What I want to talk about is the funny miracle of human memory. Stop and think, if you will, about how our lives are just collections of little snippets of time, mental photographs and over-exposed video from our childhood reinforced by the stories our family tells about us when we get together for birthdays and holidays. My eldest sister-in-law loves to tell tales about how cute and demanding my husband was when he was little, the late in life baby for his parents, and sometimes I swear that I can see him like the little toddler she remembers, up at sunrise and ready for a whole day of playing.

Memory can play tricks on you, too. When I was eighteen, the Boyfriend (now Spouse) and I went to Scotland with a bunch of silly Americans for the first proper Scottish Highlander: the Series convention. It was matched up along with a regular science fiction con, much to the Boyfriend’s delight, but all I cared about were my Immortals and Watchers. There was the regular convention, and a long, gorgeous tour of the Highlands afterward for us Americans that I’ve got an entire photo album full of. But if you ask me or anyone close to me about that trip, none of that will be what comes to mind first.

Instead, I’ll tell you that drug- and bomb-sniffing border dogs like chocolate just as much as normal pups.
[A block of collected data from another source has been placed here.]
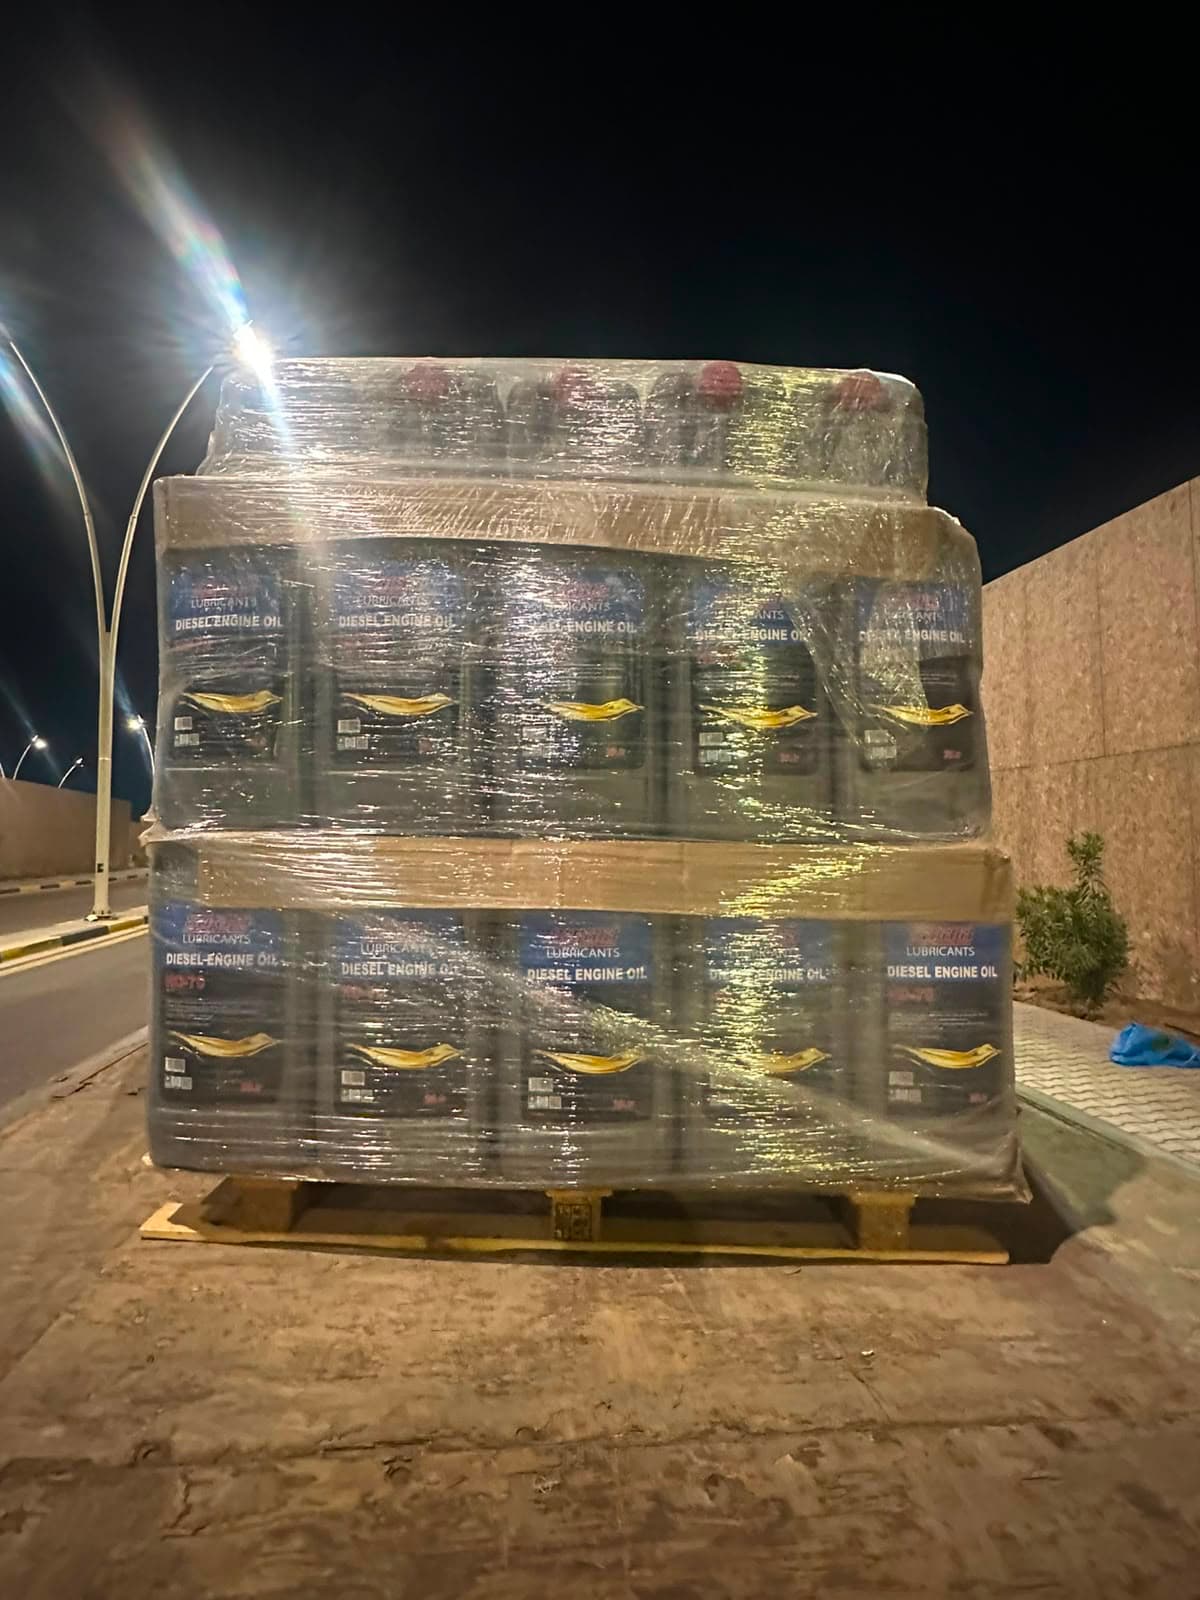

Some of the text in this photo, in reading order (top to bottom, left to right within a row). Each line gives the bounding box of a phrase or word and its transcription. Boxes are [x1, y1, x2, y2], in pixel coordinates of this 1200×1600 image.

[175, 614, 284, 631] DIESEL ENGINE OIL
[338, 615, 381, 627] DIESEL
[384, 614, 433, 627] ENGINE
[567, 620, 614, 633] ENGINE
[617, 621, 637, 633] OIL
[904, 629, 948, 642] ENGINE
[949, 630, 966, 644] OIL
[182, 933, 252, 945] LUBRICANTS
[546, 946, 621, 959] LUBRICANTS
[906, 946, 976, 957] LUBRICANTS
[166, 952, 279, 967] DIESEL ENGINE OIL
[341, 962, 385, 976] DIESEL
[388, 962, 437, 977] ENGINE
[527, 967, 648, 981] DIESEL ENGINE OIL
[887, 965, 998, 979] DIESEL ENGINE OIL
We’d flown all night, from New York to Glasgow; coach seats, Northern Lights out the window, a screaming baby in the back of the compartment, white-knuckled at the thought of flying over a flipping ocean. When at last we landed and shuffled into the queue to get into the airport proper, none of us really cared much about the security dogs. The worst I had was a couple packs of cigarettes and a few chocolate assortments from the factory I worked in – gifts for specific people. Nothing I couldn’t live without, and nothing I wasn’t half sure customs wouldn’t give a fart over, anyhow.
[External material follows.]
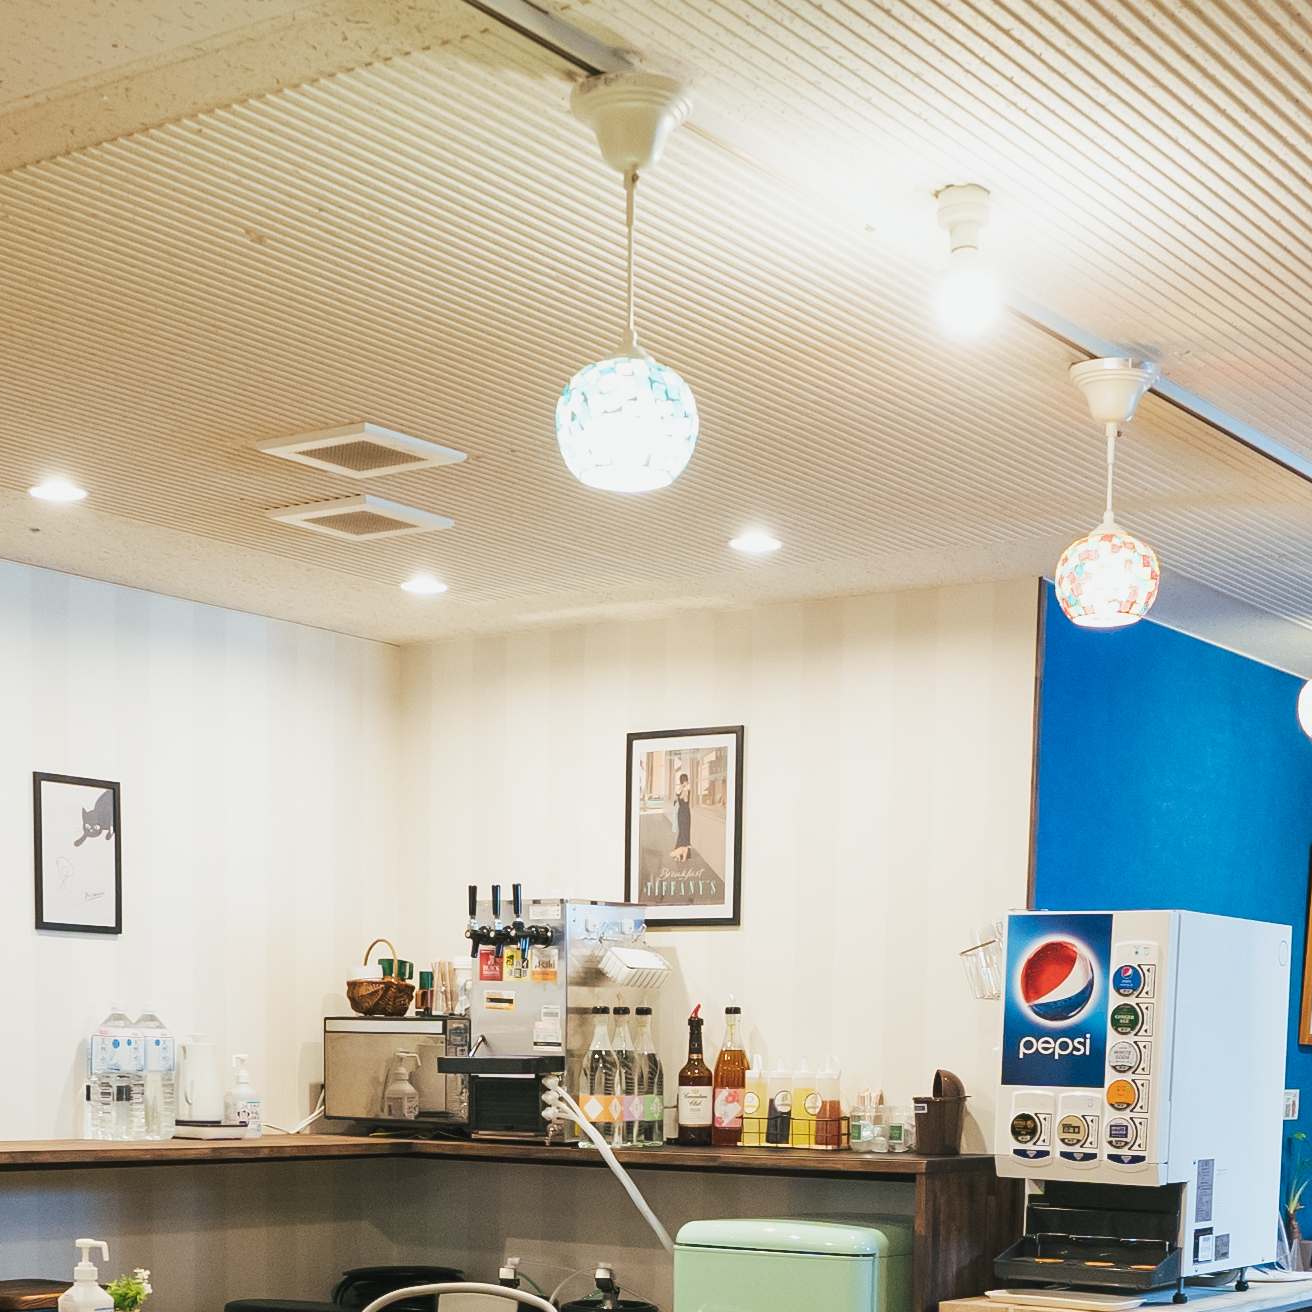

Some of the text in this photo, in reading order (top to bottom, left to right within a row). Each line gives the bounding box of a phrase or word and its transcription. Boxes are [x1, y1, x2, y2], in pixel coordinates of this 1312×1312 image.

[658, 867, 705, 881] Breakfast
[646, 880, 716, 896] TIFFANY'S
[1018, 1033, 1091, 1060] pepsi
So the German Shepard and his handler came down the line – I’m looking for drugs, looking for bombs – the dog’s head damn near swiveling off his body when he passed me. On the second pass, of course, Fido ignored the yummy smells coming from my bag and walked on by, but I was marked.

“You.” A customs officer pointed to me as I bee-bopped past him, dressed in pastels, my long hair in a sloppy tail and the Boyfriend trailing about ten feet behind me, looking like the Spectre of Death, pale and all in black. “Come here.”

So we went over, and listened to the officer as he listed the various things one was forbidden from bringing into Scotland. Guns, knives, drugs, explosives… “So,” he asked, “do ye have any records?”

I blinked sleepily at the Boyfriend, who had managed a couple of hours of sleep. Clearly that made him custodian of the communal brain. “Records?” I asked him in a hushed whisper. “Did you…?”

He shook his head. “No. You?” It was beyond us why anyone would bring records on an airplane. Hell, I hadn’t even been able to find a needle for my mom’s turntable in over two years.

As we continued to whisper back and forth, worried that we’d somehow missed something, other customs agents began to close in on our little group. And then, suddenly, I understood. We were, after all, two nations separated by a common language.

“Oh!” I said, reaching into my purse. “I have this CD! He’s at the convention we’re going to!”

I brandished my Jim Byrnes CD at the officer, who did a slow fade, closed his eyes, and just waved us on, subtly signaling the other agents to fall back.

It bothers me, a bit, that I can’t remember the names of most of the people I spent the following two weeks with. We did all the usual convention things for that first weekend, and then went all over the Highlands, having what I’m sure was a grand adventure, if the pictures are anything to go by.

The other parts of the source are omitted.